The units began flying air refueling missions across the Atlantic Ocean in 2003 as troops and equipment headed for Iraq. The mission has continued throughout operations in Iraq and Afghanistan.

Unit officials said the 101st flew more than 1,000 missions under the program in fiscal 2010.

“The demand isn’t decreasing, but the dollars are,” Johns said.

He described the unit’s work as “marvelous” and added, “When the country needs us … you are here. You are what makes the Air National Guard … and the U.S. Air Force successful.”

In late September, more than 400 Airmen from five tanker units in four states were notified that they may lose their man-day funding at the end of October. So far, 21 Airmen at Bangor have been told to stand down.

On Nov. 4, General Johns and Lt. Gen. Harry M. Wyatt III, the director of the Air National Guard, told the Maine Air Guardsmen that their participation in the air bridge would be scaled back during this fiscal year.

“We will meet … the demands of this country and at the same time take care of our people,” General Wyatt said.

In this fiscally constrained environment, Air Force officials must reduce the number of Guard and Reserve man-days by about 20 percent in 2011. Man-days are used by the active duty Air Force to fund Air Guard and Reserve members, who fill Air Force mission needs.

Guard officials said the tanker units represent a great value to the nation’s defense.

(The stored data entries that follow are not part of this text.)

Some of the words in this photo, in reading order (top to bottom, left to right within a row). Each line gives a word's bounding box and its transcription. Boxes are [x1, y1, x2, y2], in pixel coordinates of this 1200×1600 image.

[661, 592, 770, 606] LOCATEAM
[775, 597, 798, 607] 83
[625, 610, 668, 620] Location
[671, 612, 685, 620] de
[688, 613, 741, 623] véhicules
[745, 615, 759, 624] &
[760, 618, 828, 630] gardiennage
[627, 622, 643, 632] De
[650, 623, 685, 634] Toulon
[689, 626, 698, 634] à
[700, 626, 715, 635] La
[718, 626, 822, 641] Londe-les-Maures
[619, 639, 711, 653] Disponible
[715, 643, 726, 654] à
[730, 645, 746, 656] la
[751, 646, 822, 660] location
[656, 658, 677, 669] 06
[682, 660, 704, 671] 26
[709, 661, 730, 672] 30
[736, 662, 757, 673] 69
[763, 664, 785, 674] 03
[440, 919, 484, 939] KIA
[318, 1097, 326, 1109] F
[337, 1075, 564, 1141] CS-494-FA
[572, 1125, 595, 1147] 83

The Air Guard makes up seven percent of the Air Force’s 2010 budget, but maintains about 40 percent of the Air Force’s fighter, tanker and airlift capacity.

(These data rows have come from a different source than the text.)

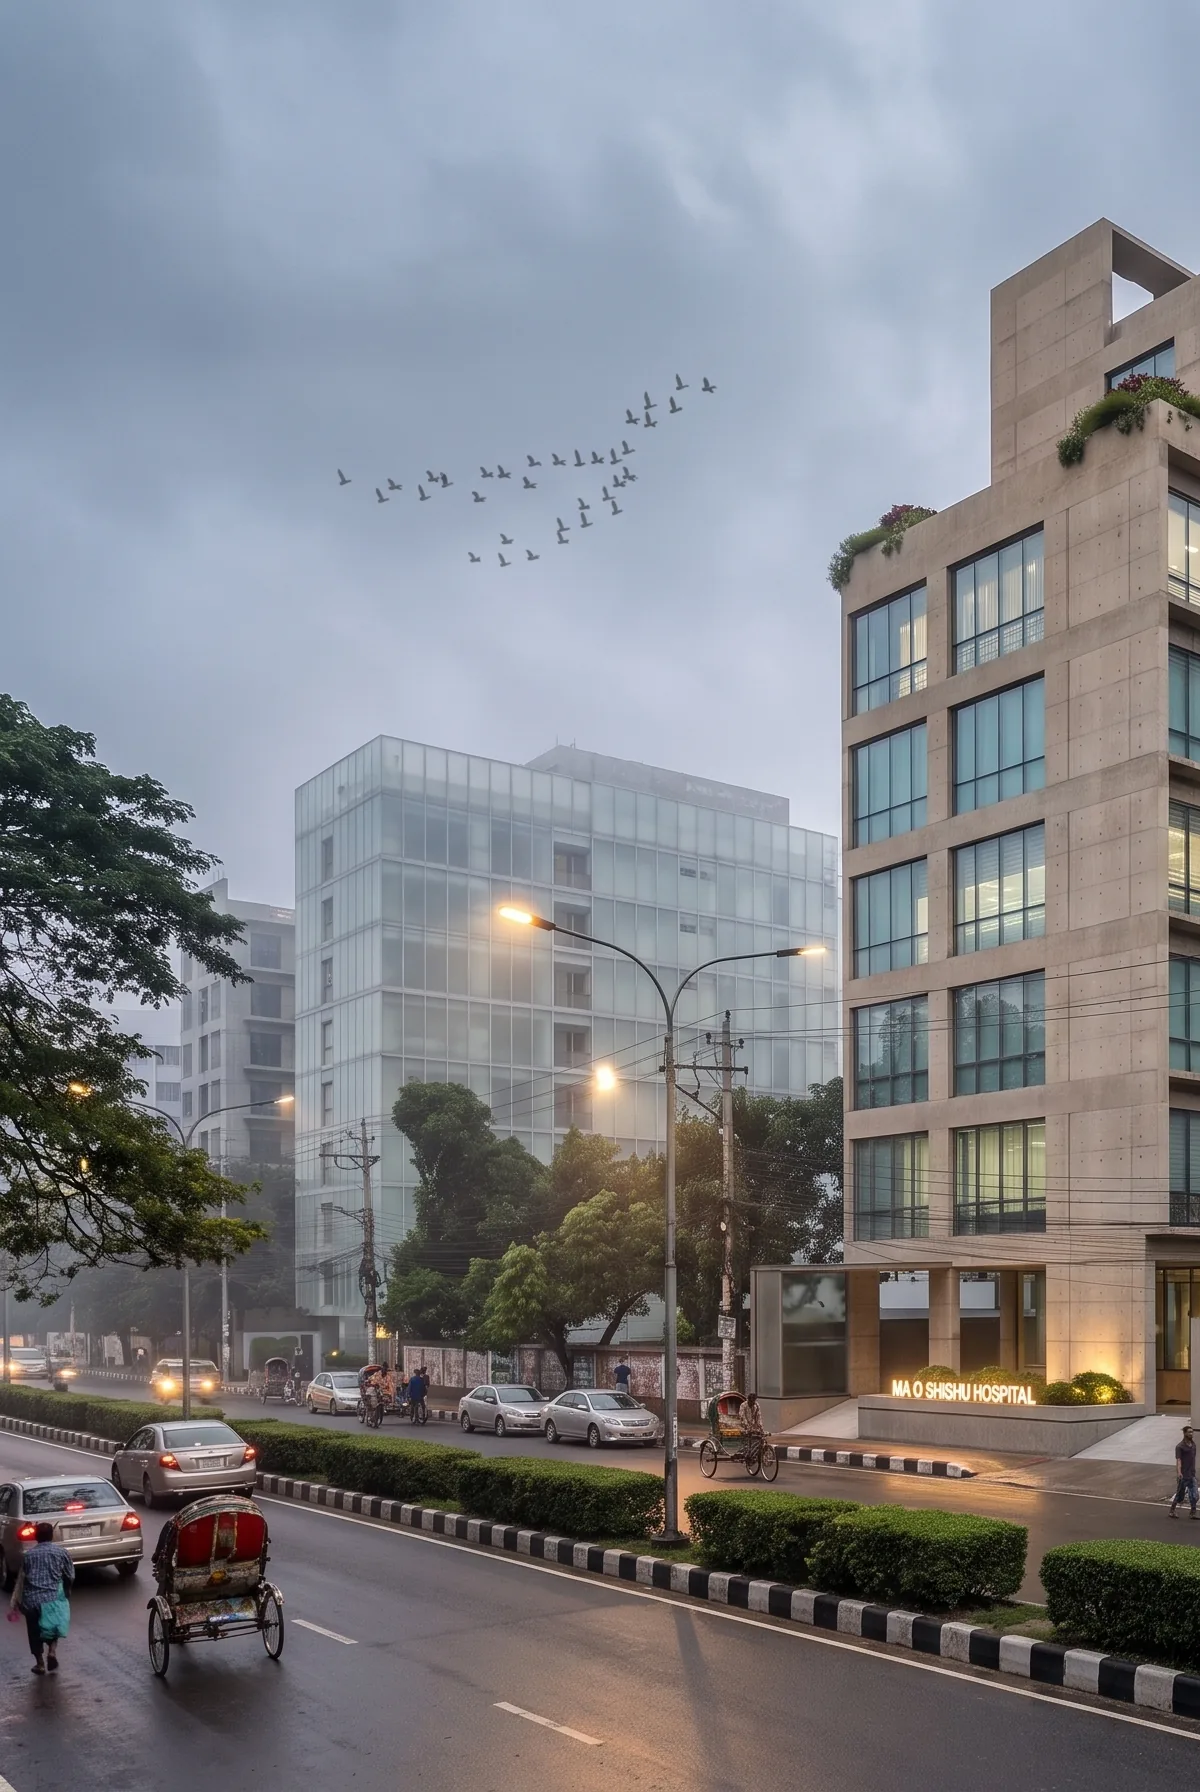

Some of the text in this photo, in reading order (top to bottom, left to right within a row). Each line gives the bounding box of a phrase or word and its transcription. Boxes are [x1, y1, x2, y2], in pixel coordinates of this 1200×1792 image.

[892, 1380, 1036, 1405] MA O SHISHU HOSPITAL
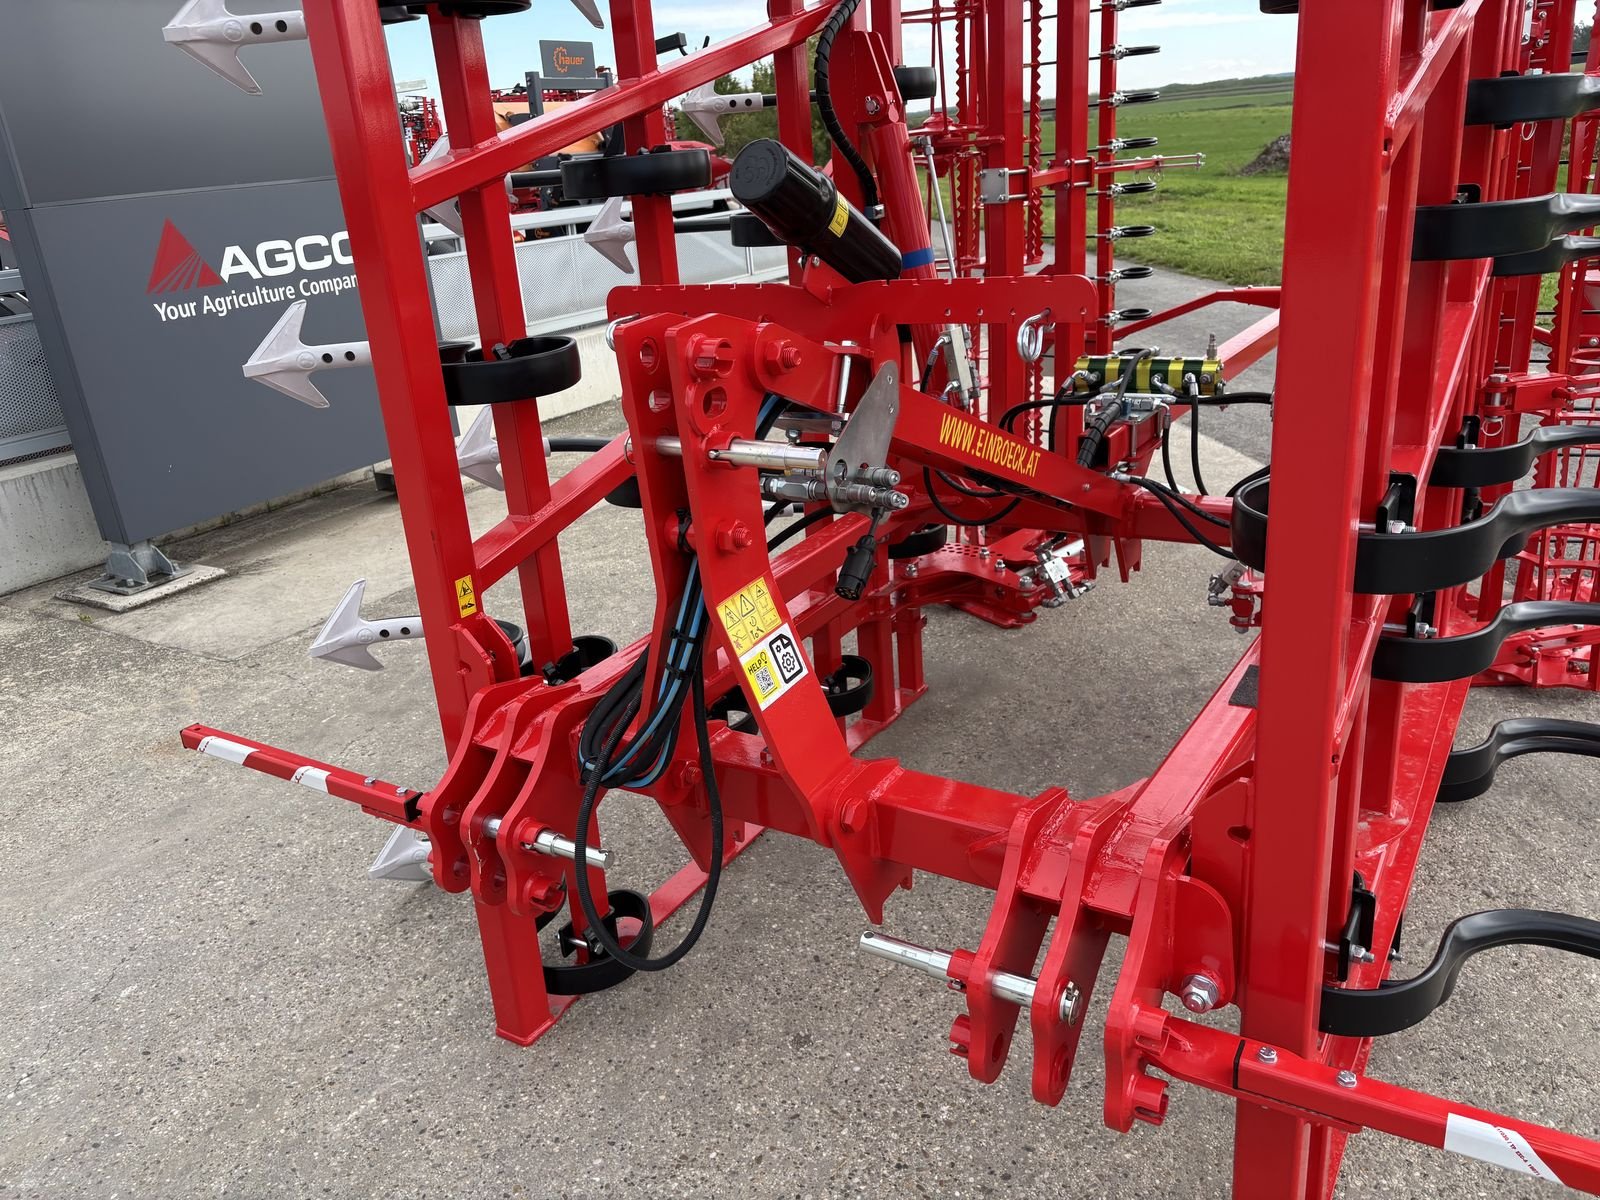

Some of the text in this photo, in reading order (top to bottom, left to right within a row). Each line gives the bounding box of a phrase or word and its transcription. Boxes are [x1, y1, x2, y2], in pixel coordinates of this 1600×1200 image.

[559, 52, 584, 65] hauer
[154, 273, 359, 322] Your Agriculture Compan
[940, 412, 1041, 478] WWW.EINBOECK.AT

“We keep getting called, because we can offer an efficiency,” General Wyatt said. “And we cannot lose sight of that fact.”

About 80 percent of the entire tanker force is in the Air Guard and Air Force Reserve, General Johns said.

The Northeast Tanker Task Force is made up of four Air Guard units from four states, including the 101st ARW in Maine; the 157th ARW at Pease International Tradeport, N.H.; the 171st ARW in Pittsburgh, Pa.; the 108th ARW at Joint Base McGuire, N.J. An Air Force Reserve unit from JB McGuire also is part of the bridge.

General Wyatt encouraged unit members to remember their culture and heritage, because “times are tough, and we have to stick together.

“We’ll make it through this,” he said.